On November 15, the U.S. District Court for the Southern District of Texas overseeing the ongoing legal challenge to the CFPB’s Section 1071 small business lending rule (previously discussed here, here, here, and here), issued an order denying the plaintiff trade groups’ motion to toll the deadlines of the rule while an appeal moves through the Fifth Circuit.
In denying the motion to stay the rule, Judge Crane (who had previously granted the CFPB’s motion for summary judgment) acknowledged the possibility that the rule might be seen as ill-advised, but that alone did not make it unlawful. Since the rule is considered valid, the judge stated that the trade groups failed to show that delaying the compliance date was warranted. He also pointed out that the Fifth Circuit Court has expedited the appeal process and that the case would likely be resolved before the compliance deadline.

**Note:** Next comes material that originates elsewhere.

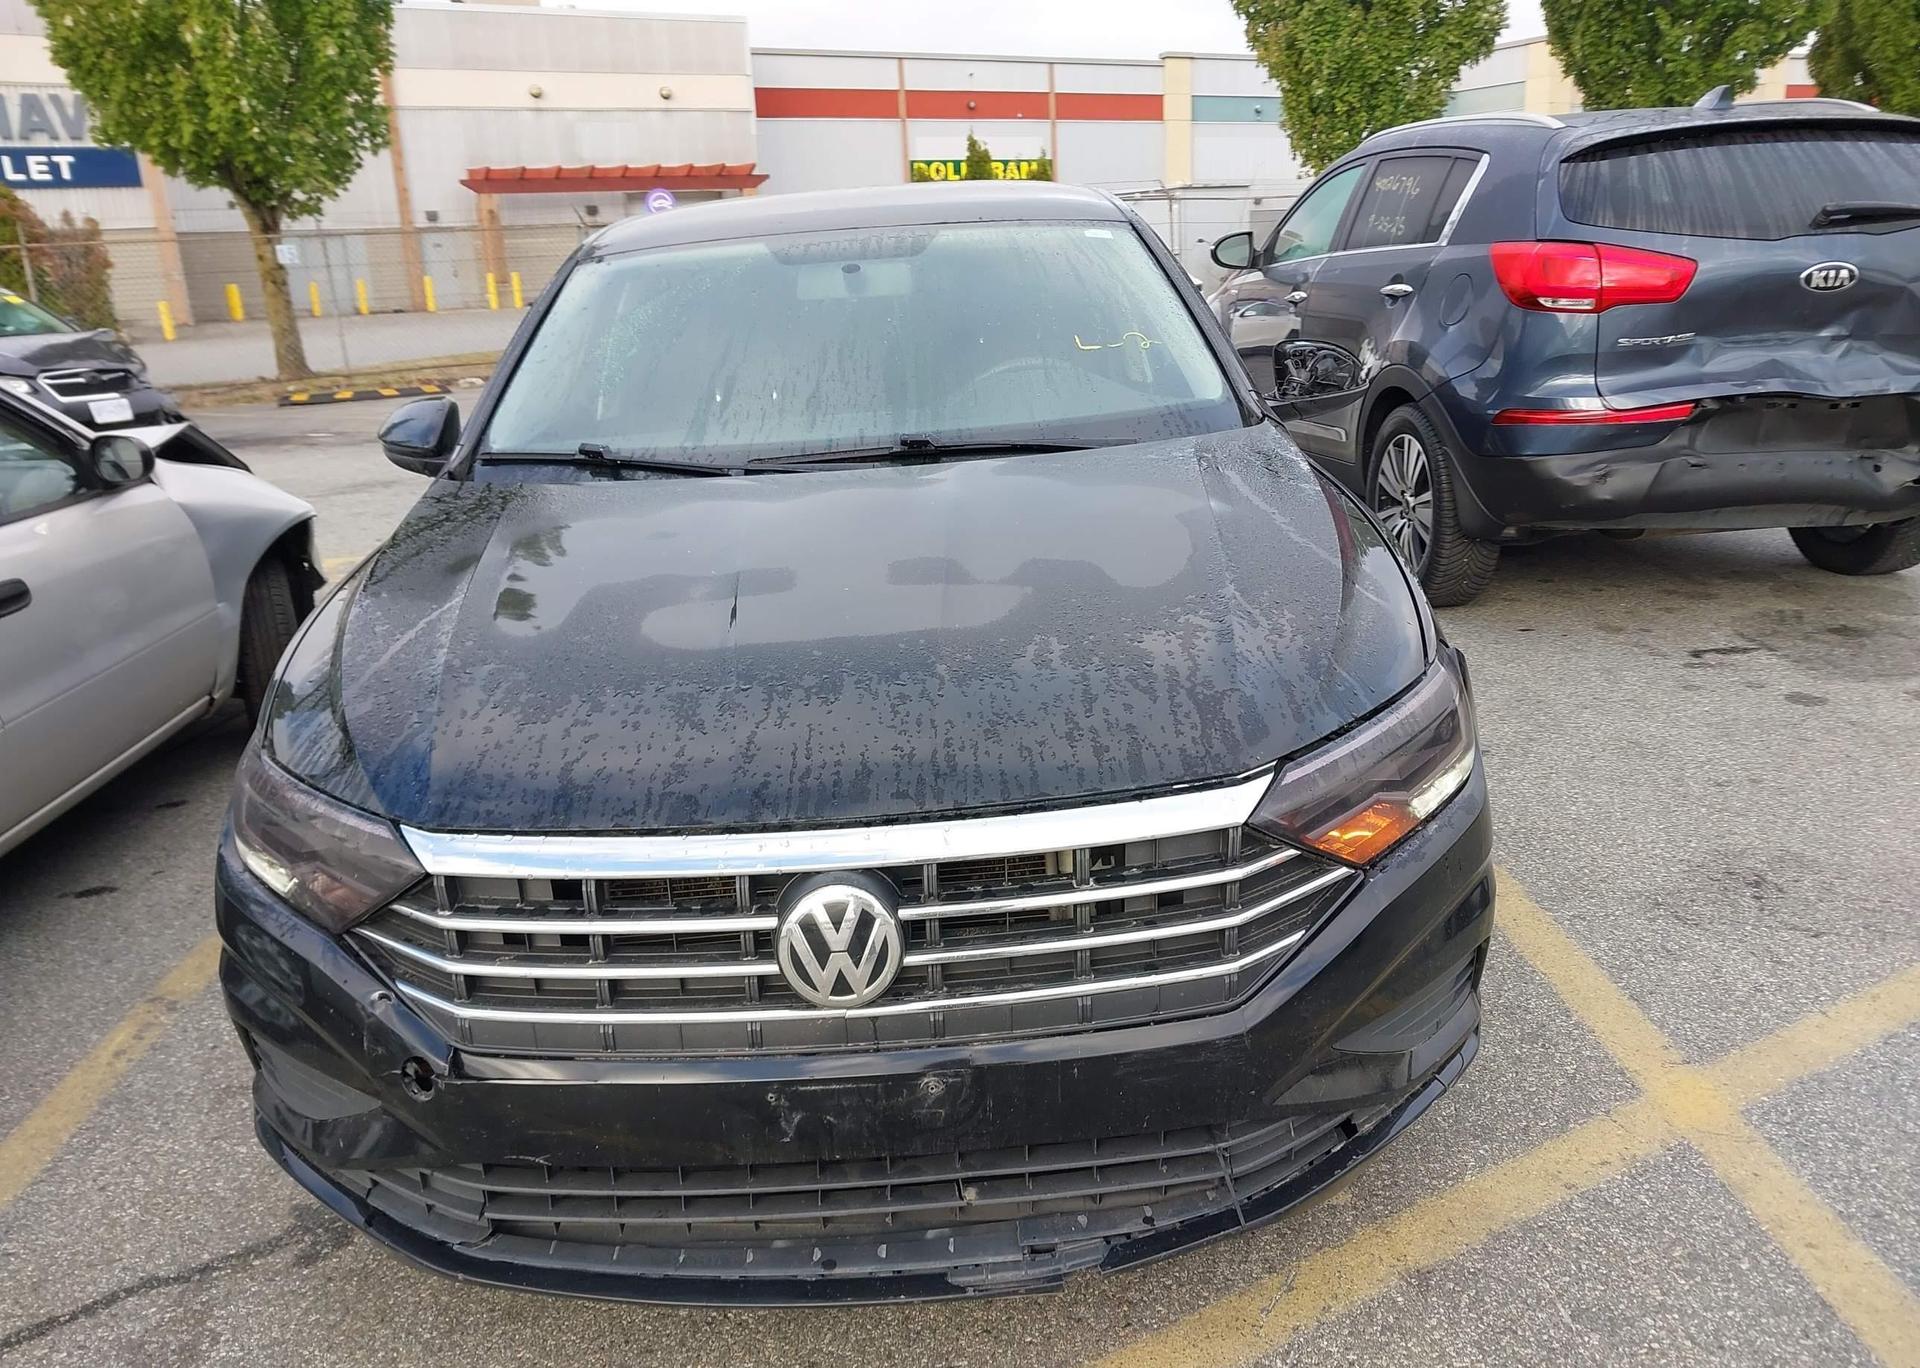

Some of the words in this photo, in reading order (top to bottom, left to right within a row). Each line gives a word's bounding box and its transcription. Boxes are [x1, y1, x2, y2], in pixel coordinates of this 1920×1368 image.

[0, 155, 76, 181] LET
[1810, 268, 1850, 288] KIA
[777, 884, 901, 1008] VW

The rule requires lenders to provide data on small-business loan applications, which the CFPB will use to support fair lending enforcement and community development. The trade groups contend in their challenge to the rule that Congress never intended for such sensitive commercial information to be made public and that business loans were exempted from similar disclosure requirements under the Truth in Lending Act. The appeals court will hear oral arguments on the matter on February 3, 2025.
Putting It Into Practice: As the litigation progresses, and with compliance deadlines on the horizon (see here for our previous discussion on the amended and current compliance dates), it will be interesting to see what the new Trump administration has planned for the rule. We expect, at the very minimum, that the rule will be paused and re-examined, so that it comports with the new CFPB’s Director’s priorities.